Después de un tiempo de respirar varias veces profundamente, salí del dormitorio y vi que en la puerta permanecía uno de los recepcionistas con la cabeza dentro del cuarto, pero sin entrar.
–¿Está todo bien? ―preguntó al verme salir del dormitorio.
–Sí, creo que sí.
–¿Qué ha pasado? ―volvió a preguntar.
–Una equivocación ―respondí tratando de situarme.
–Ellos me obligaron a abrir ―dijo con tono de disculpa.
–¡Está bien!, no se preocupe ―contesté mientras contemplaba el estropicio que habían hecho al entrar al asalto.
Salí del dormitorio y me dirigí a mi asiento donde solía sentarme a leer los periódicos y como si de una noche más se tratase, me dejé caer sobre el mismo. Mirando a mi alrededor me dije “¿dónde me he metido?”.
Y bajando la cabeza contemplé cómo sobre la mesilla de al lado, había todavía restos de puro de mi primer visitante.
CAPÍTULO 2. ELLA
El día había iniciado, como si se tratase de cualquier mañana. Apenas recordaba los detalles del ajetreado día anterior, aunque cuando me fui a echar mano a la cartera me di cuenta de que me faltaba mi identificación y rememoré lo sucedido la noche antes.
A decir verdad, no conseguía acordarme de los detalles sobre esos agentes que habían entrado con sus armas, y que lo único que me habían hecho era amenazar y decir que me iban a meter en la cárcel. Ninguno de sus argumentos estaba justificado, y sus modales no me parecieron demasiado profesionales.

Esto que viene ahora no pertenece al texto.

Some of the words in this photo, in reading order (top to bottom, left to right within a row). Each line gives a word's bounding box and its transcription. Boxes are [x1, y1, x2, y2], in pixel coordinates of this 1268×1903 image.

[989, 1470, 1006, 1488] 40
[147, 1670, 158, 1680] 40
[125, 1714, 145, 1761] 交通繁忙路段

En cualquier país civilizado que se precie, se necesita una orden judicial para irrumpir en una casa, y ¿a qué venían tantas armas?
Cerré mi cartera y me terminé de vestir cuando salí al pequeño hall de mi cuarto, donde aún quedaba algún objeto por el suelo, roto por aquellos agentes, de los cuales no recordaba bien a qué rama del gobierno habían dicho que pertenecían.

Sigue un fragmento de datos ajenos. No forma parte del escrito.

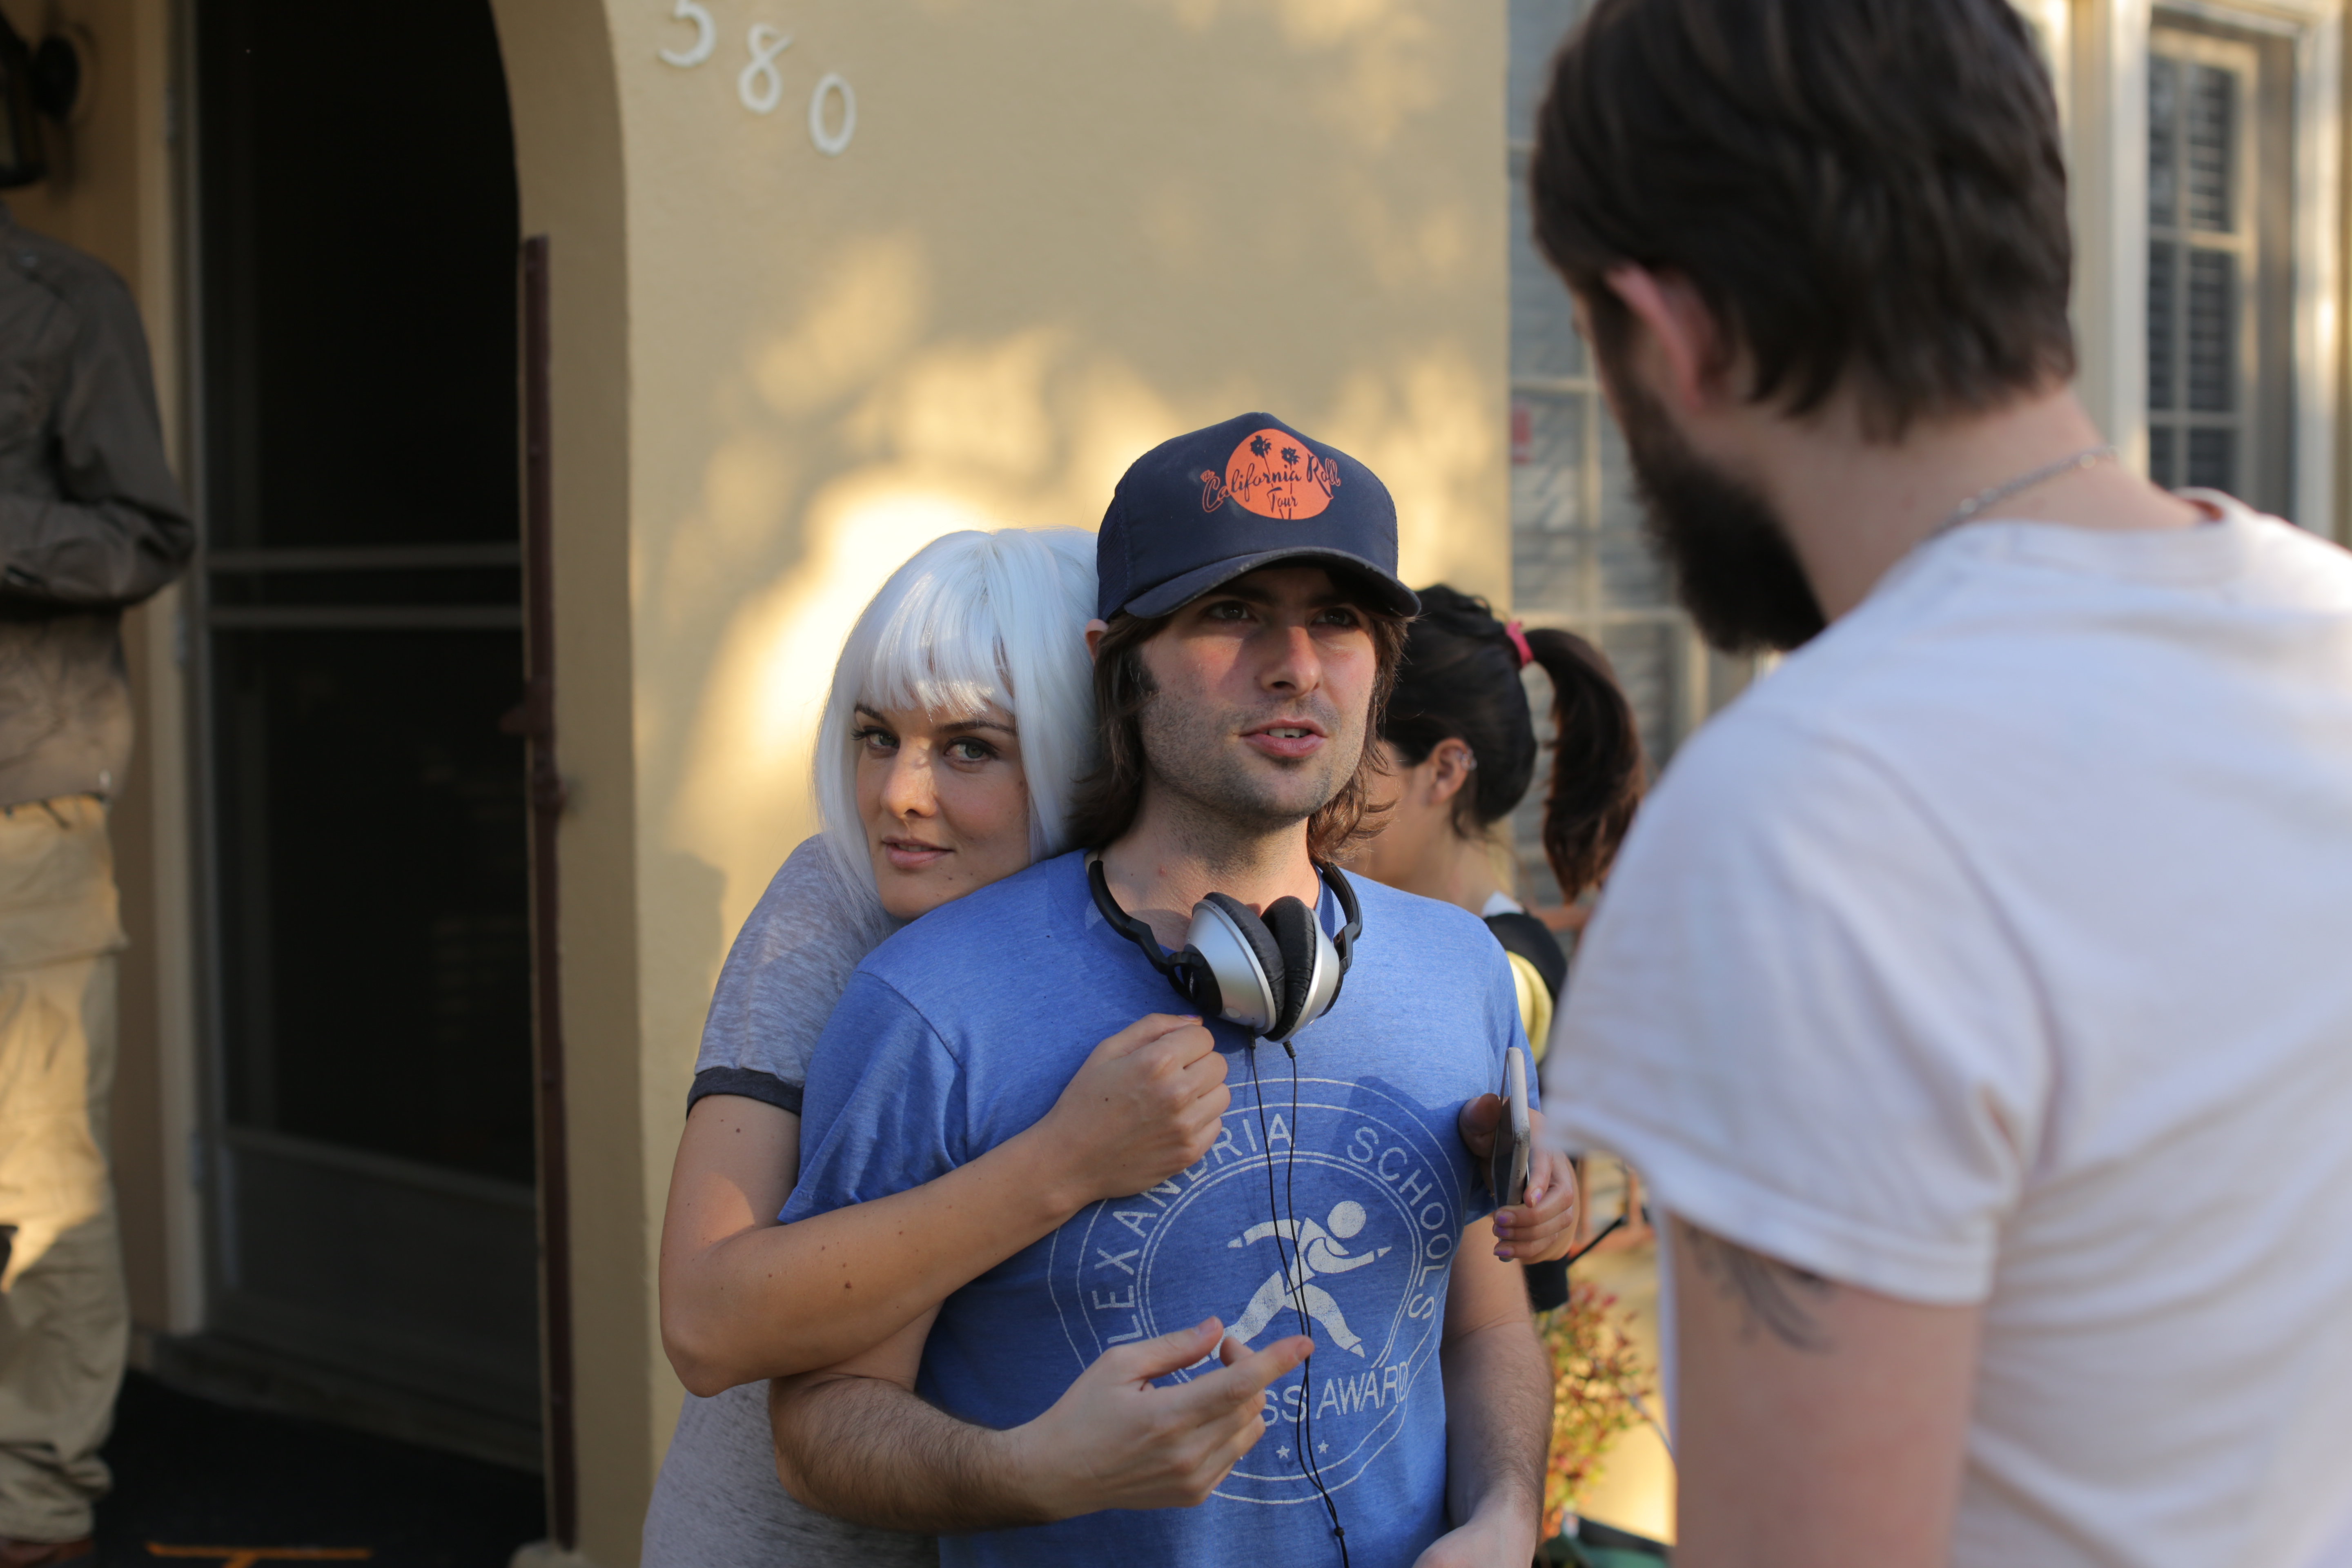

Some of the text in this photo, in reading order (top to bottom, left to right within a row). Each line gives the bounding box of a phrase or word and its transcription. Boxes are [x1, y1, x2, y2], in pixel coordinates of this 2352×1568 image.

[657, 0, 858, 157] 580
[1202, 453, 1341, 513] California Roll
[1266, 486, 1298, 513] Tour
[1091, 1113, 1452, 1344] LEXANDRIA SCHOOLS
[1316, 1361, 1408, 1419] AWARD

Recogí un maletín que utilizaba para llevar algunos libros, y miré la hora del reloj, “si me doy prisa todavía puedo coger el tren de las 7.00 a.m.”.
Dicho esto, salí de mi habitación de hotel de forma acelerada, cuando de repente, observé apoyada en una de las paredes próximas al ascensor a una mujer vestida de chaqueta negra y falda plisada roja.
–Buenos días ―la dije entendiendo que era una cliente más del hotel.
–¿Buenos días?, ¿es así como trata a sus clientes? ―respondió con tono de desdén.
–¿Cliente?, debe ser un error. Nunca he atendido a nadie aquí. Si tiene una cita haga como el resto, vaya a mi consulta, de hecho, estoy saliendo para allá.